Distinta es la opinión del socio de Deloitte, Jaime Valenzuela. A su juicio, luego de Enron surgió un fuerte cuestionamiento al sistema de stock options como herramienta de compensación, lo que permitió revisar todos estos programas y, en muchos casos, suprimirlos y reemplazarlos por sistemas de largo plazo, SARs (Stock Appreciation Rights) y programas de stock options a plazos más razonables.

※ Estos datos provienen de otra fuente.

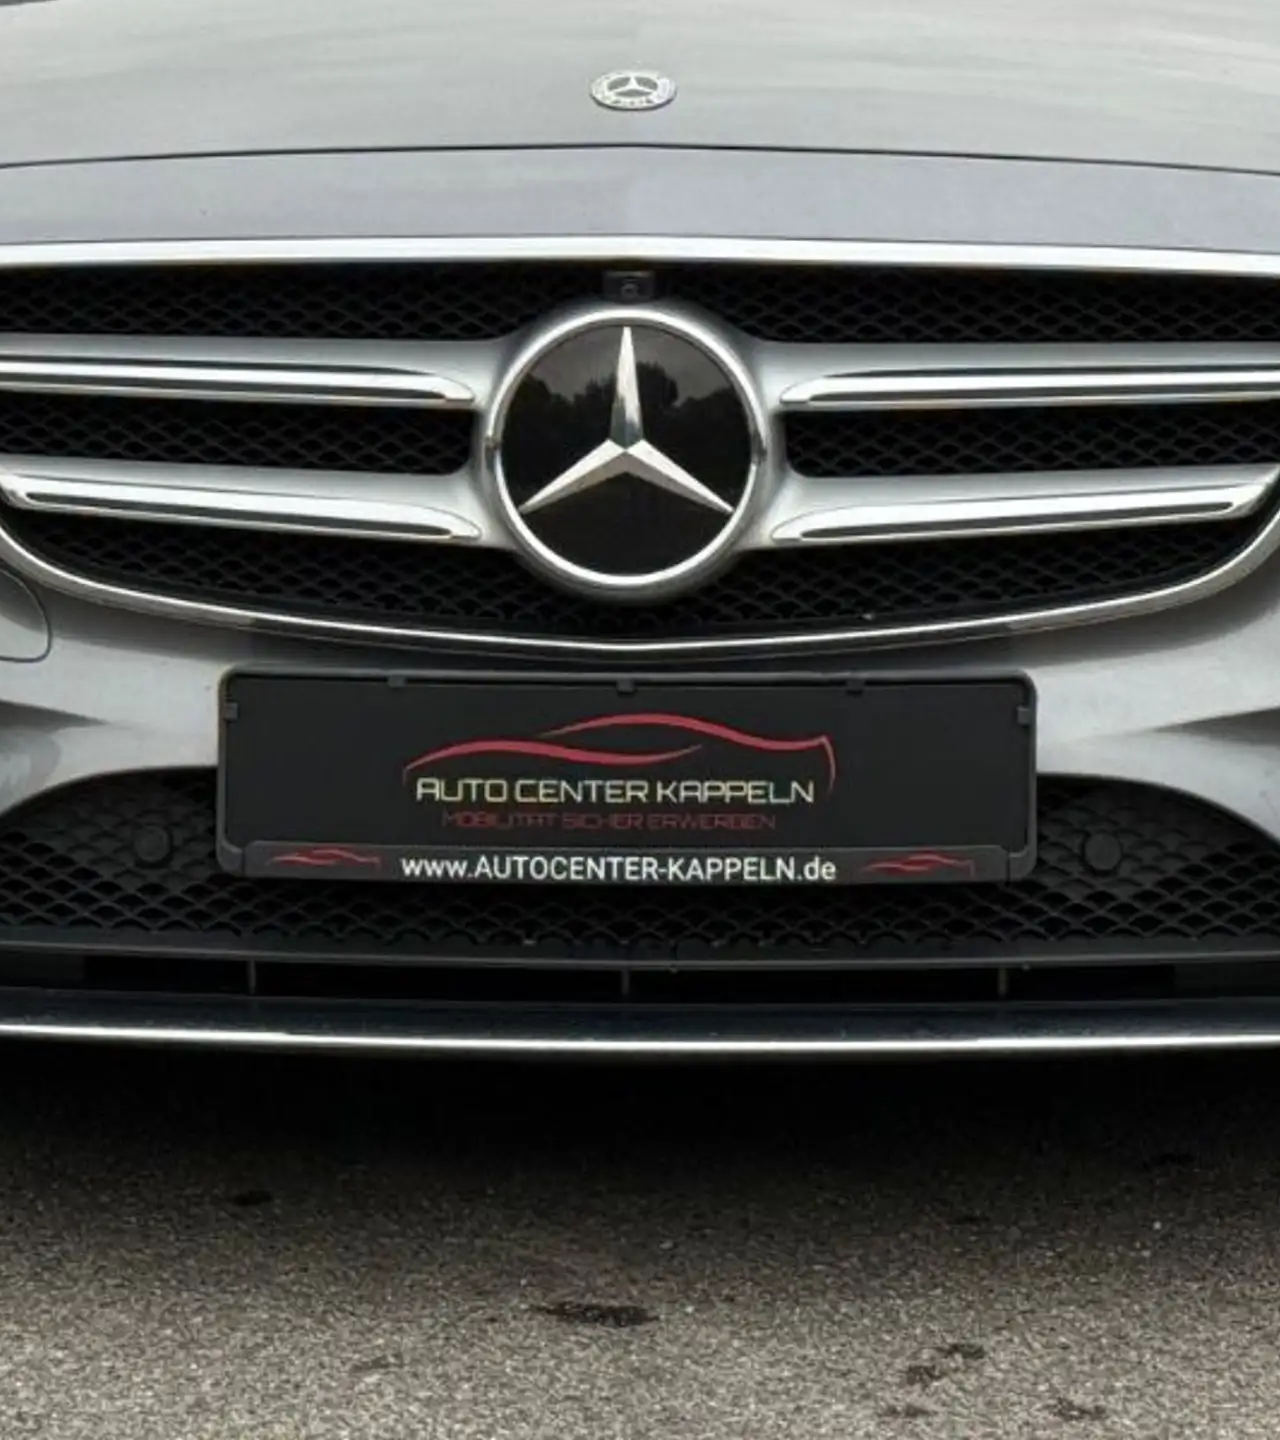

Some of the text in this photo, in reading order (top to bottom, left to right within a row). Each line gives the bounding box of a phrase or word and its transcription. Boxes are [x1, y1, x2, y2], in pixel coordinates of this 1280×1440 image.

[416, 777, 815, 804] AUTO CENTER KAPPELN
[401, 853, 837, 881] www.AUTOCENTER-KAPPELN.de

Además, se incorporaron condiciones más estrictas en su reglamento y -como parte de la conformación de gobiernos corporativos- se exigió la creación del comité de compensaciones, responsable de la definición, supervisión y control de la remuneración.

En este tipo de estructuras -sigue- existen plazos que pueden ser de hasta 10 años y, en su definición, se alinean la forma de pago de los ejecutivos con los ciclos del negocio y con las consideraciones de carácter legal y tributario.

"Si bien la presión de los ejecutivos es normalmente a la inmediatez del incentivo y la presión del mercado es hacia los logros de corto plazo, el diseño de la estructura de compensación debe reconocer y diferenciar la adecuada recompensa sobre los resultados de corto plazo y diferenciarla claramente de los logros de largo plazo, que entre otras cosas persiguen alinear acciones, así como favorecer la retención y el compromiso de largo plazo con la organización", dice.

Además, el precio de las acciones no es la única variable que se puede utilizar para diseñar los planes de compensación y retención.

En un reciente número del Journal of Business Strategy, se propone un modelo diferente: pagos basados en los resultados de explotación y no con el incremento o caída de las acciones.

Es tal la animosidad que la "inmediatez" despierta entre algunos grandes inversionistas, que empresas de la talla de General Electric y General Motors publican en sus respectivos informes financieros el valor detallado de todas las retribuciones basadas en acciones que entregan a sus altos ejecutivos.

No más allá de los seis meses

En otros segmentos, el consultor de Mercer Human Resource, Alberto Mondelli, cree que los plazos con que operan los ejecutivos también están determinados por la naturaleza del puesto y de si el ejecutivo viene de fuera o fue promovido desde adentro.

"Se espera que en los primeros 100 días el ejecutivo haga un diagnóstico de las prioridades del rol, arme su equipo de trabajo y establezca un plan de acción que deberá poner en práctica para empezar a ver resultados no más allá de los primeros seis meses", asegura.

La visión de Mondelli es consonante con una investigación de la MIT Sloan School, que advierte que, desde 1985 a esta parte, el 51% de los gerentes generales triplicaron sus probabilidades de ser removidos o cambiados de cargo, justamente por la inmediatez de los parámetros de evaluación.